Would you retype exactly the lines from the one holding "this 1284×963 image." through the last line of the listing, and only those, without pictures?

++++ Data records ++++

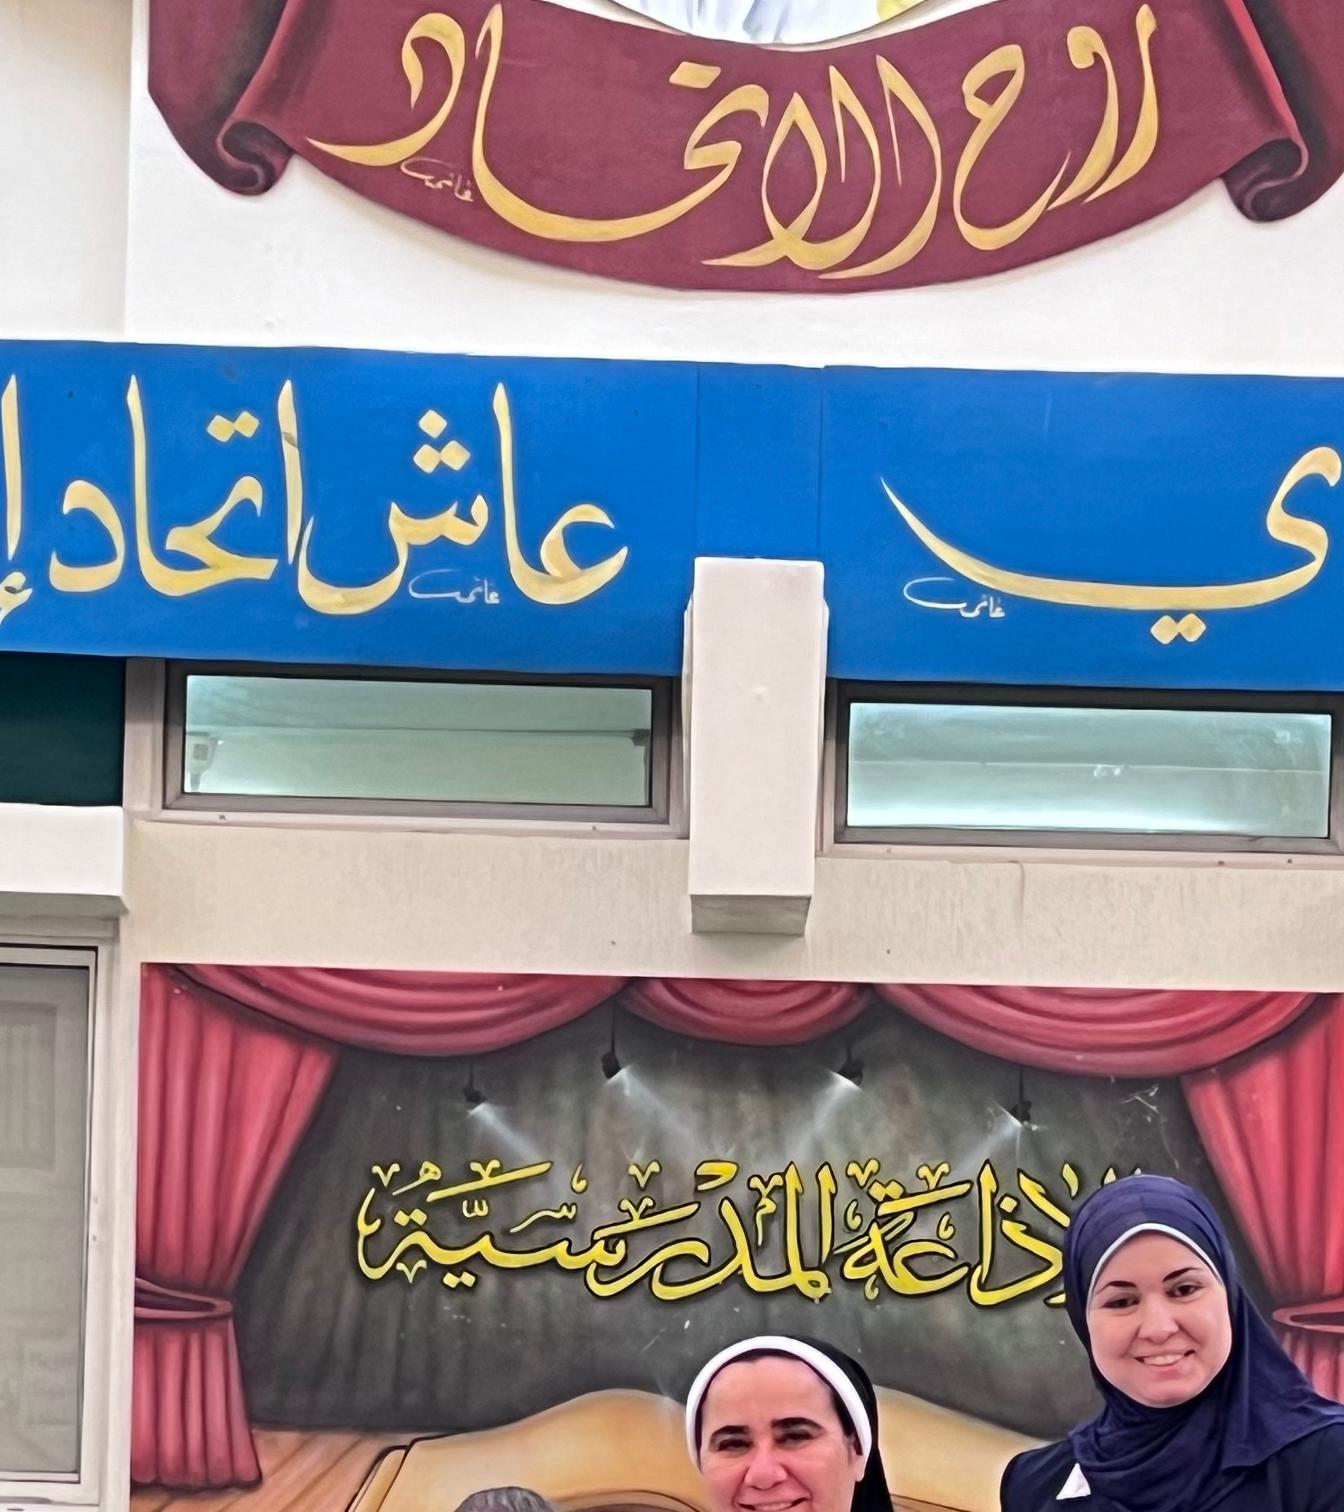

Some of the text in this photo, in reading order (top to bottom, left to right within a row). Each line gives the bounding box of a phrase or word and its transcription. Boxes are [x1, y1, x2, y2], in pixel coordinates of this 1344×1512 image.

[305, 4, 1158, 279] روح الاتحاد
[48, 372, 304, 597] اتحاد
[296, 381, 628, 616] عاش
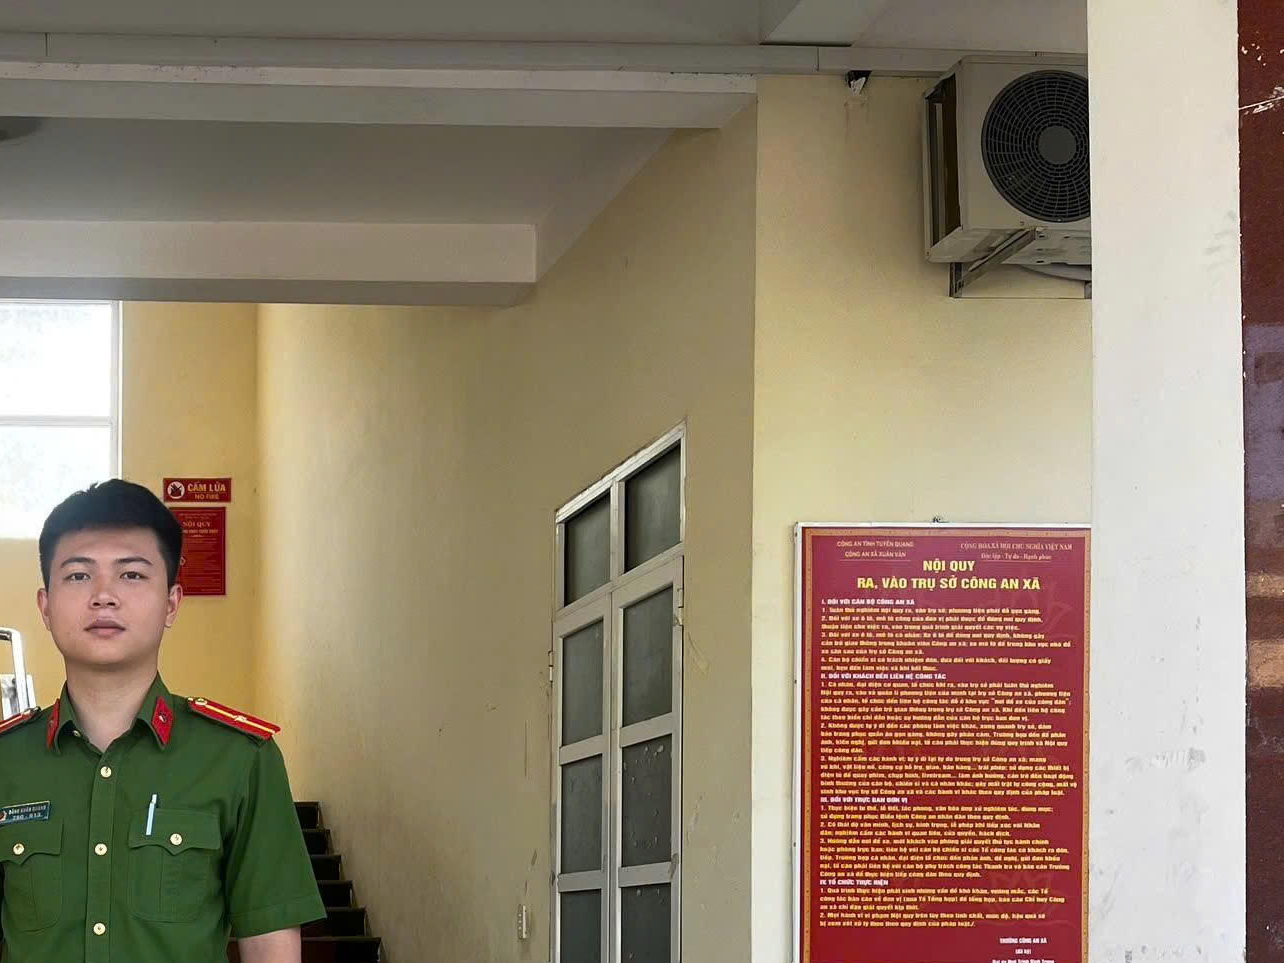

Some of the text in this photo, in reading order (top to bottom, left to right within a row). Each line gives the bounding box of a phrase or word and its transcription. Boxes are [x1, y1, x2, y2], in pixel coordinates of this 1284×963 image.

[187, 481, 226, 492] CẤM LỬA
[862, 551, 870, 559] AN
[923, 558, 975, 573] NỘI QUY
[857, 575, 1040, 592] RA, VÀO TRỤ SỞ CÔNG AN XÃ
[895, 598, 905, 606] AN
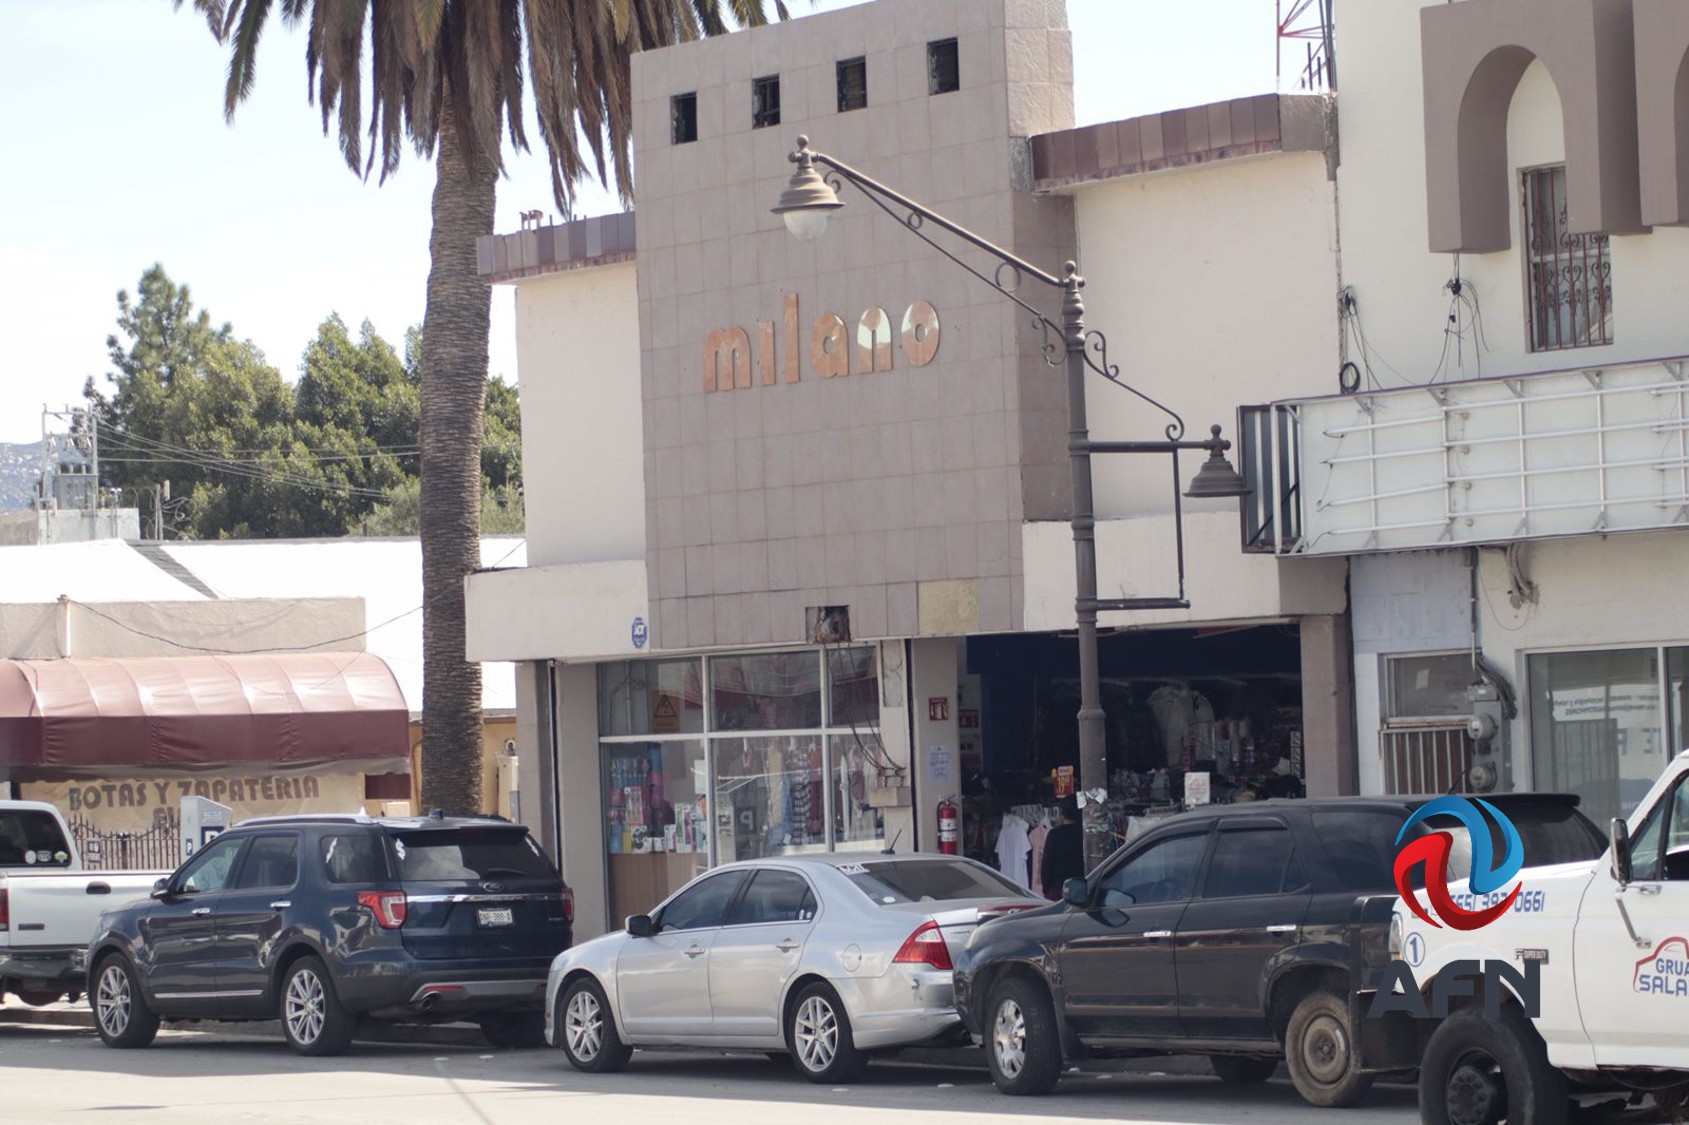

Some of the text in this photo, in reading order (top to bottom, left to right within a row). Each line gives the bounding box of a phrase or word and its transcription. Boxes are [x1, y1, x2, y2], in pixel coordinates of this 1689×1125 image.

++++

> **Task answer**
Some of the text in this photo, in reading order (top to bottom, left to right within a row). Each line gives the bounding box of a phrase or word and its transcription. Boxes are [x1, y1, x2, y2], in pixel coordinates of this 1284×963 image.

[187, 481, 226, 492] CẤM LỬA
[862, 551, 870, 559] AN
[923, 558, 975, 573] NỘI QUY
[857, 575, 1040, 592] RA, VÀO TRỤ SỞ CÔNG AN XÃ
[895, 598, 905, 606] AN

Some of the text in this photo, in reading order (top to bottom, left to right within a row). Each line gives the bounding box of a phrase or word and its transcription. Boxes are [x1, y1, x2, y2], in pixel coordinates of this 1689×1125 image.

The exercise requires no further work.